The logs from those systems generated petabytes of data before the torch was extinguished. They were processed in real-time by a security information and event management (SIEM) system using “big data” analytics to look for patterns that might indicate a threat—and triggering alarms swiftly when such a threat was found.

The combination of the sophisticated analytics and massive data storage in big data systems with DPI network security technology has created what Dr. Elan Amir, CEO of Bivio Networks, calls “a security camera for your network.”

“There’s no question that within the next three to five years, not having a copy of your network data will be as strange as not having a firewall,” Amir told me.

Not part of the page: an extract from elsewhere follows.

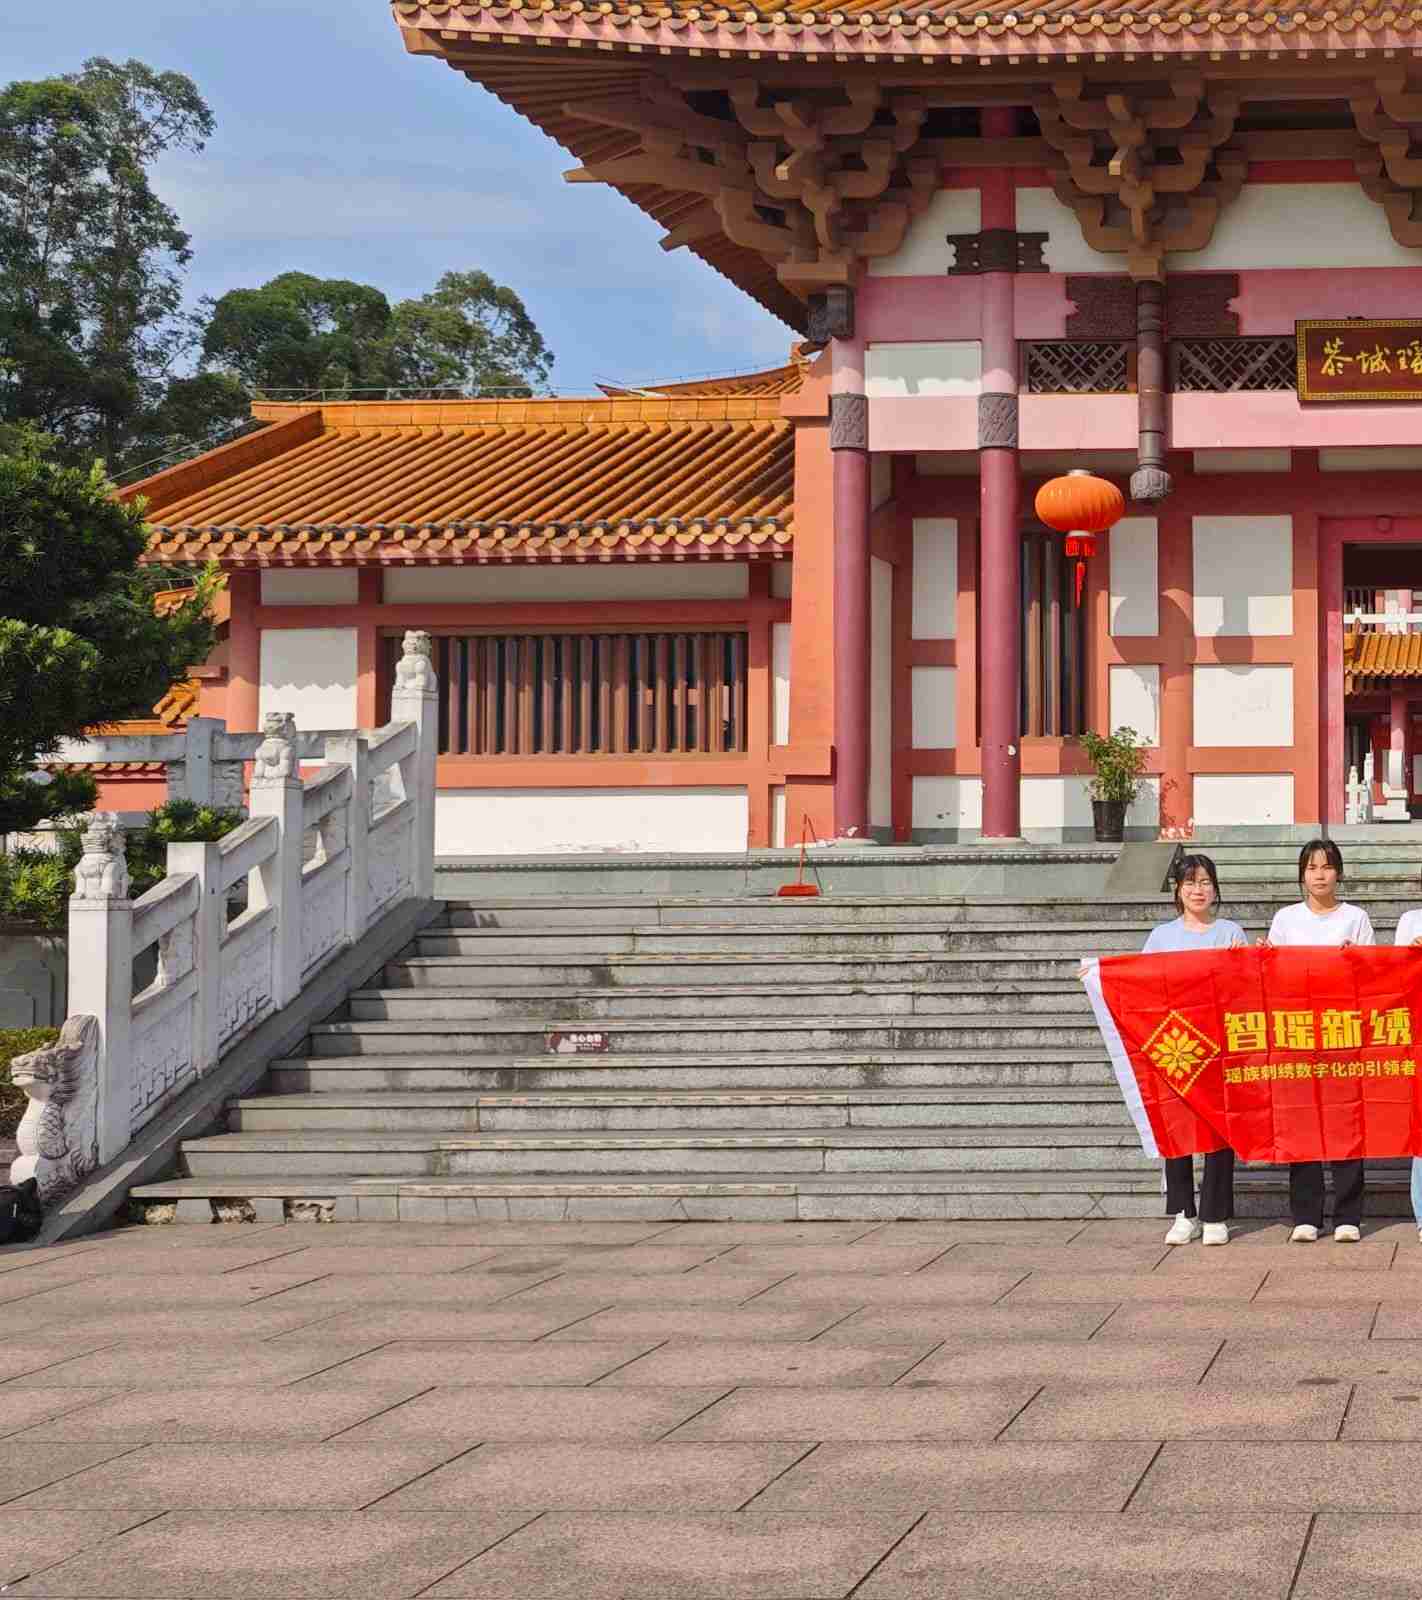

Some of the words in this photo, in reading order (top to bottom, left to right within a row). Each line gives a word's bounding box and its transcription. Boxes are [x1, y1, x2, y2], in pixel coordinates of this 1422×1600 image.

The capability used at London’s Games doesn’t have a billion-dollar price tag. Nearly any organization on a budget can assemble something similar, in some cases with hardware already on hand and a free initial software download. And the potential applications go far beyond benign network security. With the ability to store data over long periods, companies and governments with smaller budgets could not only track what’s going on in social media, but reconstruct the communications between people over a period of months or even years, all with a single query.

“The danger here,” Electronic Frontier Foundation Technology Projects Director Peter Eckersley told Ars, “is that these technologies, which were initially developed for the purpose of finding malware, will end up being repurposed as commercial surveillance technology. You start out checking for malware, but you end up tracking people.”

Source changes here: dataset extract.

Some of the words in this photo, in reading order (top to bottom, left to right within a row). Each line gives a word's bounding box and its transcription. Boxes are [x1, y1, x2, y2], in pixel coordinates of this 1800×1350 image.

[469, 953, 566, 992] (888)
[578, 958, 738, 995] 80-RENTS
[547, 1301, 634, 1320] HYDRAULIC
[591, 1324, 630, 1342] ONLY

Unchecked, Eckersley said, companies or rogue employees of those companies will do just that. And they could retain data indefinitely, creating a whole new level of privacy risk.

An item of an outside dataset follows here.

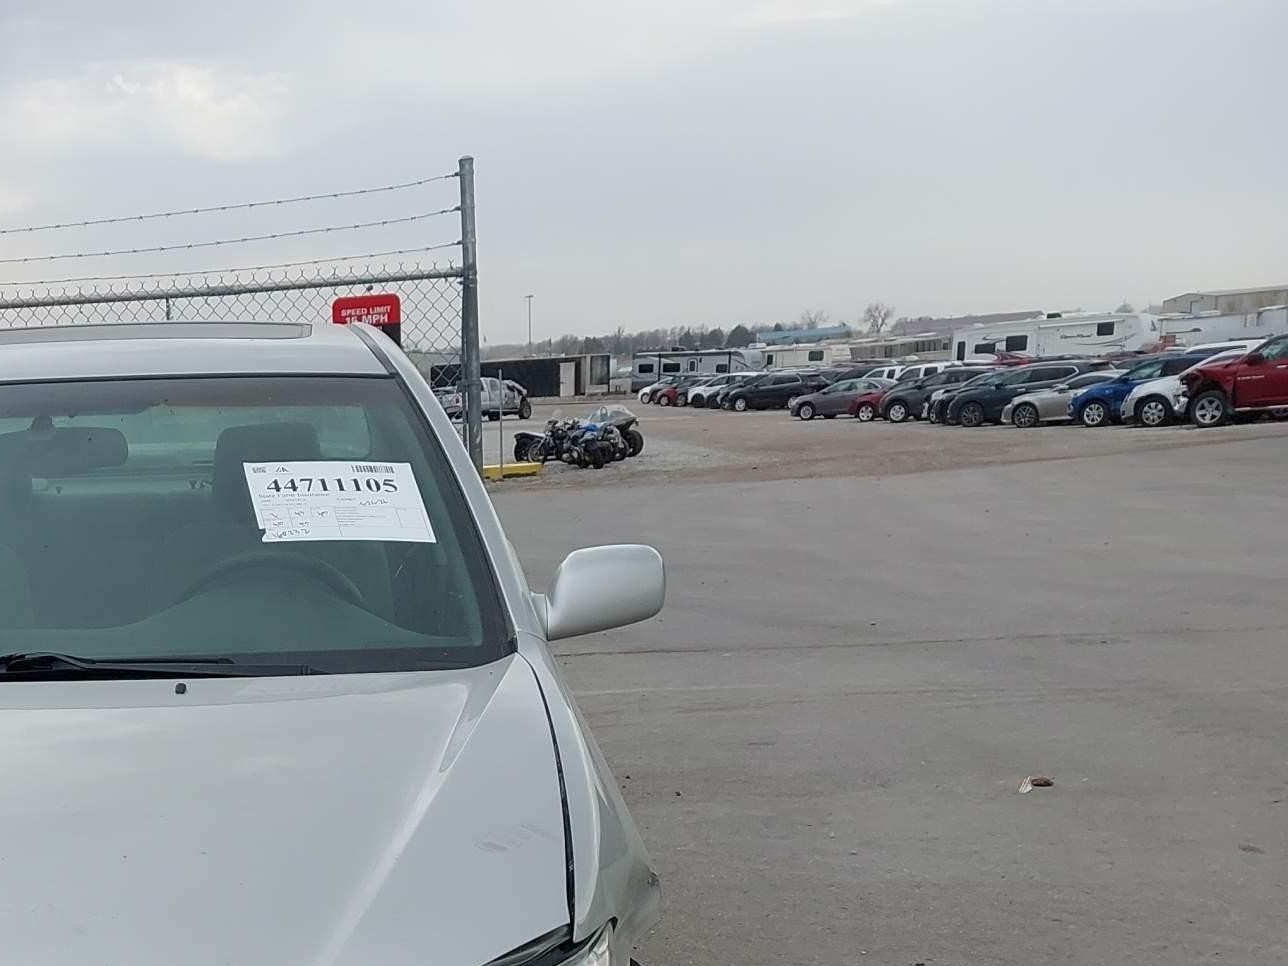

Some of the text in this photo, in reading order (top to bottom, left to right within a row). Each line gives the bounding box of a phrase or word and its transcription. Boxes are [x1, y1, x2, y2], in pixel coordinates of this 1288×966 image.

[341, 305, 391, 317] SPEED LIMIT
[362, 313, 388, 324] MPH
[267, 478, 398, 493] 44711105

How deep packet inspection works

As we send e-mails, search the Web, and post messages and comments to blogs, we leave a digital trail. At each point where Internet communications are received and routed toward their ultimate destination, and at each server they touch, security and systems operations tools give every transactional conversation anything from a passing frisk to the equivalent of a full strip search. It all depends on the tools used and how they’re set up.

One of the key technologies that drives these tools is deep packet inspection. A capability rather than a tool itself, DPI is built into firewalls and other network devices. Deep packet inspection and packet capture technologies revolutionized network surveillance over the last decade by making it possible to grab information from network traffic in real time. DPI makes it possible for companies to put tight limits on what their employees (and, in some cases, customers) can do from within their networks. The technology can also log network traffic that matches rules set up on network security hardware— rules based on the network addresses that the traffic is going to, the type of traffic itself, or even keywords and patterns within its contents.

“Almost everything interesting happening in networking, especially with a slant toward cyber security, has some DPI embedded in it, even if people aren’t calling it that,” said Bivio’s Amir. “It’s a technology and a discipline that captures all of the processing and network activity that’s getting done on network traffic outside of the standard networking elements of packets—the addressing and routing fields. What gets people riled up a bit is the ‘inspection’ part, because somehow inspection has negative connotations.”

To understand how DPI works, you first have to understand how data travels across networks and the Internet. Regardless of whether they’re wired or wireless, Internet-connected networks generally use Internet Protocol (IP) to handle routing data between the computers and devices attached to them. IP sends data in chunks called packets—blocks of data proceeded by handling and addressing information that lets routers and other devices on the network know where the data came from and where it’s going. That addressing information is often referred to in the networking world as Layer 3 data, a reference to its definition within the Open Systems Interconnection network model.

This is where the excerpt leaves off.